Work task:
A faithful transcript of every entry is required; pictures do not belong in it.

Data for analysis:
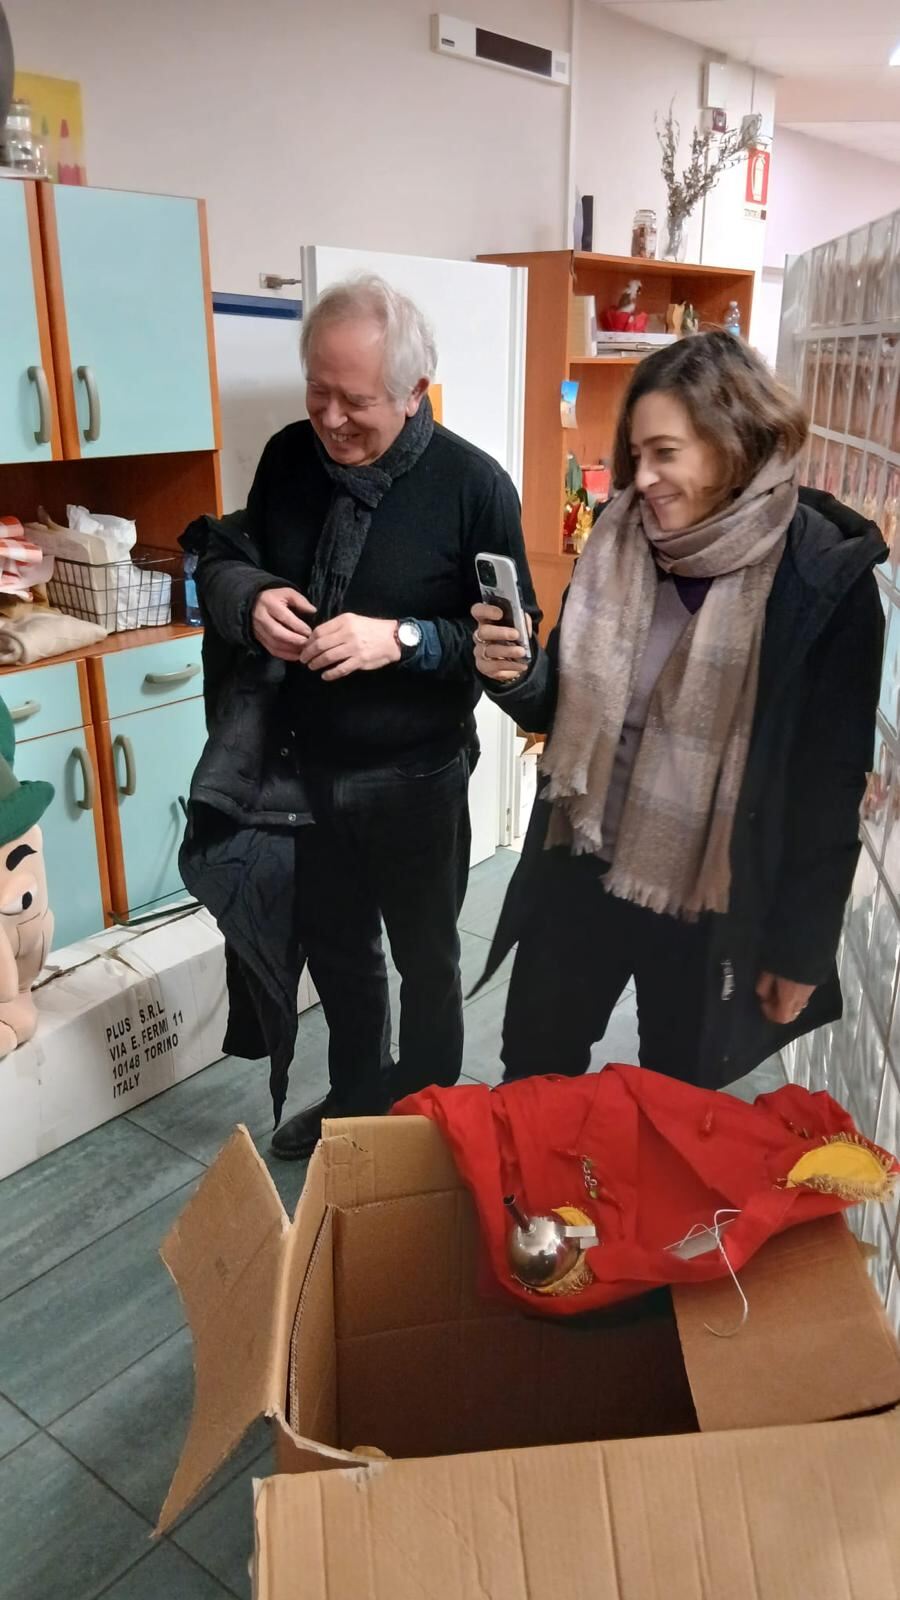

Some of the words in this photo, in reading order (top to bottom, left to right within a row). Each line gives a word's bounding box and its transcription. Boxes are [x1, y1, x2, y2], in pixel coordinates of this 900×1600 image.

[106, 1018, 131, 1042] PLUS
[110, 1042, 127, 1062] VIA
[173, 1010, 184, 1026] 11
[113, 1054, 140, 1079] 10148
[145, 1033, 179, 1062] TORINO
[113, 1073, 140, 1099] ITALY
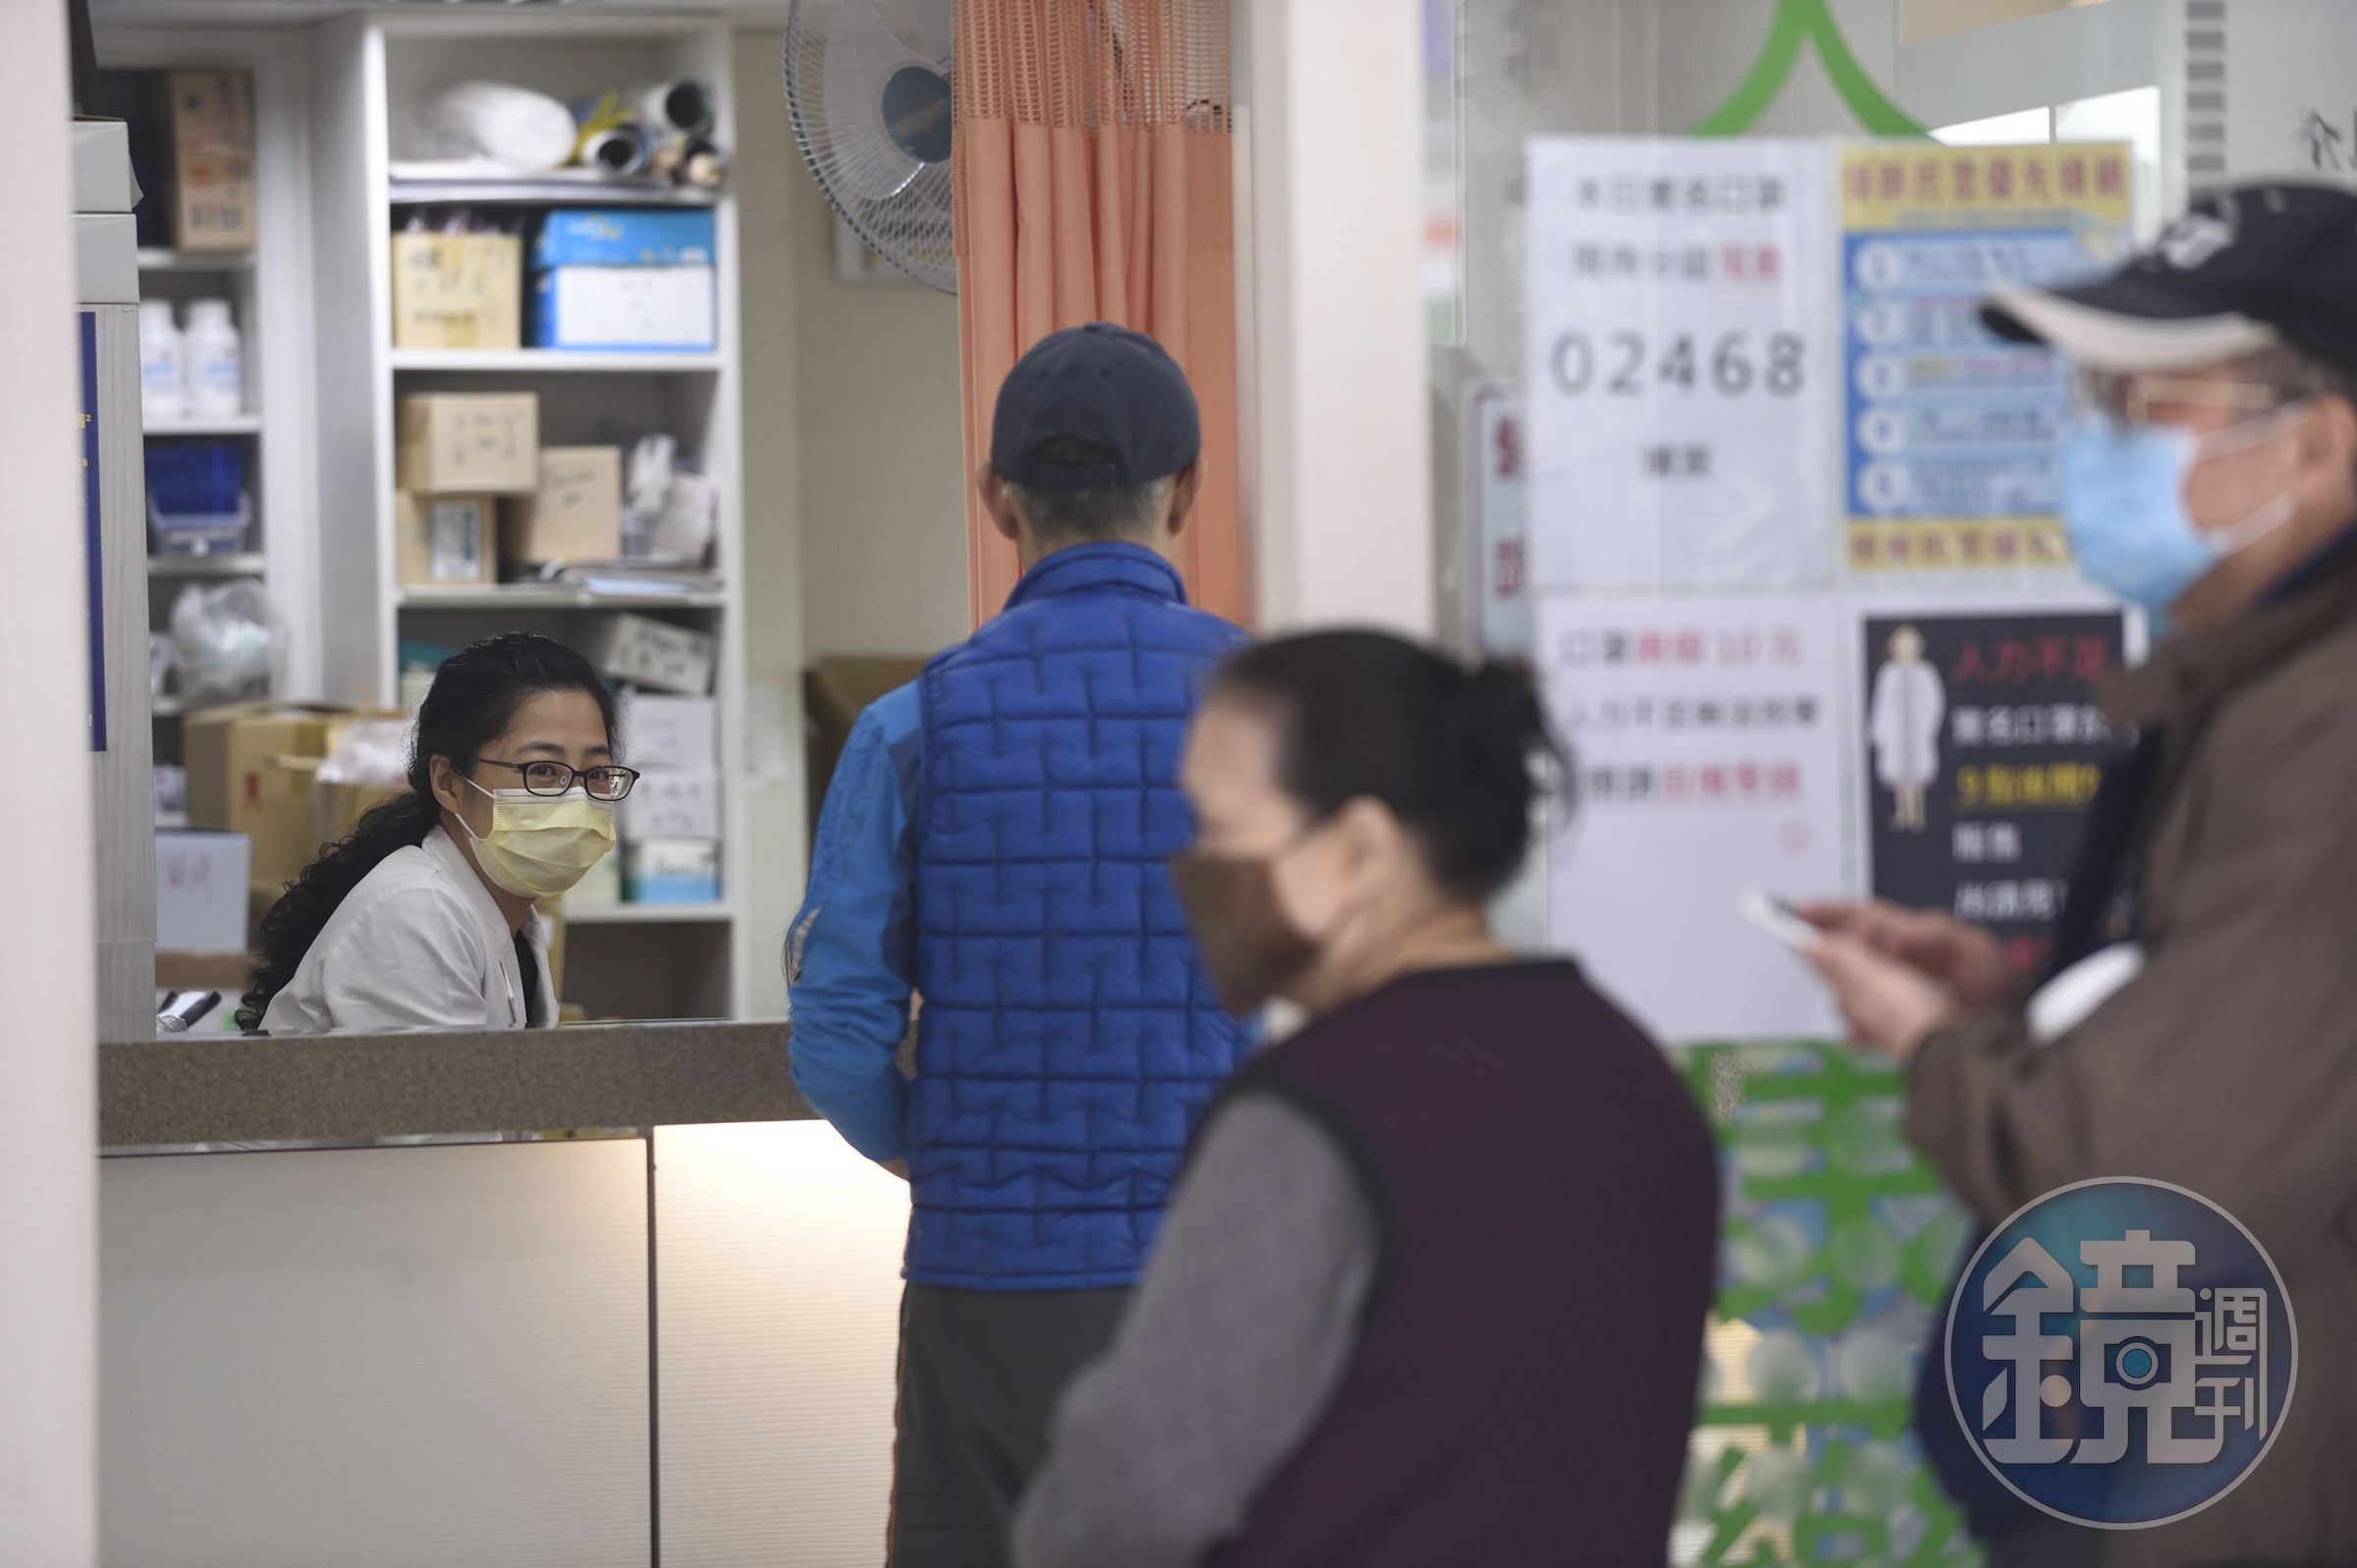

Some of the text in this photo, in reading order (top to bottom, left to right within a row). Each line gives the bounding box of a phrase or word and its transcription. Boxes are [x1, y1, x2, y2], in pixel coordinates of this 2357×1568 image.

Result for this task:
Some of the words in this photo, in reading order (top to bottom, left to right within a row). Each line gives a word's bounding box and its transcription. Boxes are [x1, y1, x2, y2], in pixel coordinates of this 900×1600 image.

[106, 1018, 131, 1042] PLUS
[110, 1042, 127, 1062] VIA
[173, 1010, 184, 1026] 11
[113, 1054, 140, 1079] 10148
[145, 1033, 179, 1062] TORINO
[113, 1073, 140, 1099] ITALY

Some of the text in this photo, in reading order (top to bottom, left to right within a row). Each line gives the bounding box of a phrase or word and its transcription. Boxes are [x1, y1, x2, y2], in pixel coordinates of this 2357×1568 image.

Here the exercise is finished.